Thank you for the update @aterga. You did a very nice job leading this discussion. Thank you.
As a general rule, I do think we should strive to make the NNS and SNS as similar as possible. Differences such as spawning a new neuron vs disbursing creation confusion among newcomers and frankly existing users. Personally I’m disappointed this change did not go through such that inflation on the SNS and the NNS worked more similarly, regardless of if spam is a problem currently or not on the SNS.
Let’s please try keep this in mind as we make future design enhancements.
I missed this discussion until now unfortunately, and I find it disappointing that Dfinity have opted not to implement this feature.
I frequently have to explain to OpenChat users how the voting reward distribution works because they reach out thinking things are broken due to their rewards fluctuating massively each day.
I’d love to be able to say to people, “stake for X duration, vote on everything, and you’ll earn Y%”.
You can do this for the NNS, and it is really useful.
But for SNSes, when people ask how much they’ll earn, no-one can give an answer.
Hamish I agree. It’s weird to benefit or suffer from other people’s actions which one cannot control or predict. Predicting yields is very helpful for financial investors.

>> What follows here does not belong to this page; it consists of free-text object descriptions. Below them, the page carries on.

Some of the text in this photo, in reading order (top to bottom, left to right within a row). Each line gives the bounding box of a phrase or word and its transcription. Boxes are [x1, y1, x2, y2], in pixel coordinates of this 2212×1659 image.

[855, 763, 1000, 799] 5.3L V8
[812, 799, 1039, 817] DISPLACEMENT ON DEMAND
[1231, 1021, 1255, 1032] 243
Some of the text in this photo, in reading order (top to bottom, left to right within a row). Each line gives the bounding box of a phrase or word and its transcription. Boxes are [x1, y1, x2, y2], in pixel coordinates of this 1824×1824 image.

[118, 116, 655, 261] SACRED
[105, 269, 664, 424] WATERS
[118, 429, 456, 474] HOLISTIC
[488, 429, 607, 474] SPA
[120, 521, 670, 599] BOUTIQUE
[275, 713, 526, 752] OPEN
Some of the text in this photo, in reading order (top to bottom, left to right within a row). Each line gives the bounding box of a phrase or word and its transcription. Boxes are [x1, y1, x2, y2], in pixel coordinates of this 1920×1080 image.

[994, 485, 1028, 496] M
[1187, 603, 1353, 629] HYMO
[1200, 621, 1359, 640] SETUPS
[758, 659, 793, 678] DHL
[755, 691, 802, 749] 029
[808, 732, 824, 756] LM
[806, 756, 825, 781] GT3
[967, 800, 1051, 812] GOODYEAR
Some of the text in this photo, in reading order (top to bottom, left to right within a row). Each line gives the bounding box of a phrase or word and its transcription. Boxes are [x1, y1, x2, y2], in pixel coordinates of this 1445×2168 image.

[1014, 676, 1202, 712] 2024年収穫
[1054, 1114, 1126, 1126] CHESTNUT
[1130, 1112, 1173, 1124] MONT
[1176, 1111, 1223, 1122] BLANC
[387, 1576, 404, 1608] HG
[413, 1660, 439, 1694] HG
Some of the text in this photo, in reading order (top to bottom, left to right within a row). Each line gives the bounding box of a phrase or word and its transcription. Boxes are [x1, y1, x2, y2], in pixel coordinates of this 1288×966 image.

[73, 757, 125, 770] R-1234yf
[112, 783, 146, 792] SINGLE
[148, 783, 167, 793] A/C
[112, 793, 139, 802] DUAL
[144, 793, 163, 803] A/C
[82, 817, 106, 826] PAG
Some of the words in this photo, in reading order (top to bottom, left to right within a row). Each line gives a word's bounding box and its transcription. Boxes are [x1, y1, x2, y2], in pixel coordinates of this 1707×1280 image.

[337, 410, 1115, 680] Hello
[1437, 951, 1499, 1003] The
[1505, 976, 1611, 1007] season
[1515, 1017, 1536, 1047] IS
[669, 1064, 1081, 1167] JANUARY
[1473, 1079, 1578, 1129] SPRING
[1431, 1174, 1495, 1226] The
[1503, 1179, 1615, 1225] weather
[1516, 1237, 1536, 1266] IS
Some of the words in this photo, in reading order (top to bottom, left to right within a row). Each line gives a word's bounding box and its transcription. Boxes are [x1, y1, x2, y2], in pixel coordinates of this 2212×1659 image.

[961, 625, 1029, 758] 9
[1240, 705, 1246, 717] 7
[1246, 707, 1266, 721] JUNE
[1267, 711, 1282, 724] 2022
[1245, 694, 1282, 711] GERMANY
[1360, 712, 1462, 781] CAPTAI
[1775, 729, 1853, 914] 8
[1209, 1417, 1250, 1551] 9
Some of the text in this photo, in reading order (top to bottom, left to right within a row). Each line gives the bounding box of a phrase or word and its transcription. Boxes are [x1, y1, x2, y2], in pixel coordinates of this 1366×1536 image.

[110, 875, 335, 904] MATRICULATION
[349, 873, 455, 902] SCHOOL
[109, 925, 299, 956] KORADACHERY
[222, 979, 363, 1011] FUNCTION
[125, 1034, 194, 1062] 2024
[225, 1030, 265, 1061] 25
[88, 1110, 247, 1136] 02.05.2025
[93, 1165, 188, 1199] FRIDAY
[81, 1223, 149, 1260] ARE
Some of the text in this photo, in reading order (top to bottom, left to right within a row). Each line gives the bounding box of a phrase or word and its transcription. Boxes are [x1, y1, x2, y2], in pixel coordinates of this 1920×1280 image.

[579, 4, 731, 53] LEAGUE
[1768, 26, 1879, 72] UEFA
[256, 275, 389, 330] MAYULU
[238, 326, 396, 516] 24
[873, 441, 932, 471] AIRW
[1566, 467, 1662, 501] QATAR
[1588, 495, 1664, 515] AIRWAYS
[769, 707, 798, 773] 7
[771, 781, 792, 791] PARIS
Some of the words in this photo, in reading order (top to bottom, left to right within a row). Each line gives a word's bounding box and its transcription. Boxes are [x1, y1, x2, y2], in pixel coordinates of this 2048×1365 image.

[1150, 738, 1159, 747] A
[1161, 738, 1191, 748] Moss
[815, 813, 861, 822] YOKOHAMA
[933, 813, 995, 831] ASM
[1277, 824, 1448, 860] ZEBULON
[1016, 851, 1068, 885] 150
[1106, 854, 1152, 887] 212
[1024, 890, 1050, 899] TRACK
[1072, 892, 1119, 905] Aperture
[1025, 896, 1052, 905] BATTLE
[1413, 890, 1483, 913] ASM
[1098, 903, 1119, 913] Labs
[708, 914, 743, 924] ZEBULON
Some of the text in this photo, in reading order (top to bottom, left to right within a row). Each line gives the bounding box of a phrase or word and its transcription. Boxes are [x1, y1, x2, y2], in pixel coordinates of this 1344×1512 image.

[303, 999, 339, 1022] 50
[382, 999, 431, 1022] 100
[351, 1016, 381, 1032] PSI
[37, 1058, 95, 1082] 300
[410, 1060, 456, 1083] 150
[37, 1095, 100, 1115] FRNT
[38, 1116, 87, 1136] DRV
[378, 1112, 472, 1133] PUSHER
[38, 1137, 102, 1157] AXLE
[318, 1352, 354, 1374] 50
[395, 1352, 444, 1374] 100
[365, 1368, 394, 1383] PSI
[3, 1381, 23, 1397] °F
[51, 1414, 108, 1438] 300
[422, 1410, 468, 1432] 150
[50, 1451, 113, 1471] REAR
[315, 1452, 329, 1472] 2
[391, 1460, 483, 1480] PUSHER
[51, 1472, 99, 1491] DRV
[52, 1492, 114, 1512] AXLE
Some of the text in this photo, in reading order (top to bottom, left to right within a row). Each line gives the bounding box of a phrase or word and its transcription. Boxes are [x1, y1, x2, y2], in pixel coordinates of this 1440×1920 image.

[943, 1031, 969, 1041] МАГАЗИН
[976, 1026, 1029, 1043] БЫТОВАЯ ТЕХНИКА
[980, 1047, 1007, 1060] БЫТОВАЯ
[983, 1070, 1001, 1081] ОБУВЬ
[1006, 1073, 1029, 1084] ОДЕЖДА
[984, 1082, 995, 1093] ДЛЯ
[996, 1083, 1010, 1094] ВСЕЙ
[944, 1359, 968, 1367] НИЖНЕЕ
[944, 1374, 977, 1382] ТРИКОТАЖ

Its also weird the NNS and SNS have different monetary rules.
I respectfully disagree.
This perspective focuses on governance rewards as a financial instrument, priotising the desire for a fixed-income asset. That’s not what governance tokens are about.
The sanctity of IC governance is what protects the entire network, and everyone’s stake. I think we should be pushing for NNS governance to be more like SNS governance.
When governance participation is low, of course it makes sense to increase rewards for those who participated (in a zero-sum fashion, such that the total rewards distributed remains stable relative to participation). This a self-stabilising supply and demand mechanism, significantly reducing the chances that participation ever drops too low. The lower the rate of participation, the more danger the network is in, and therefore the higher the financial incentive should be to participate.
The argument that voters should receive fixed voting rewards (even if they’re the only one voting) makes little to no sense. This makes rewards predictable for the individual (as opposed to for the network), and therefore more appealling to each individual? (even though it would equate to the minimum possible rewards under the alternative regime)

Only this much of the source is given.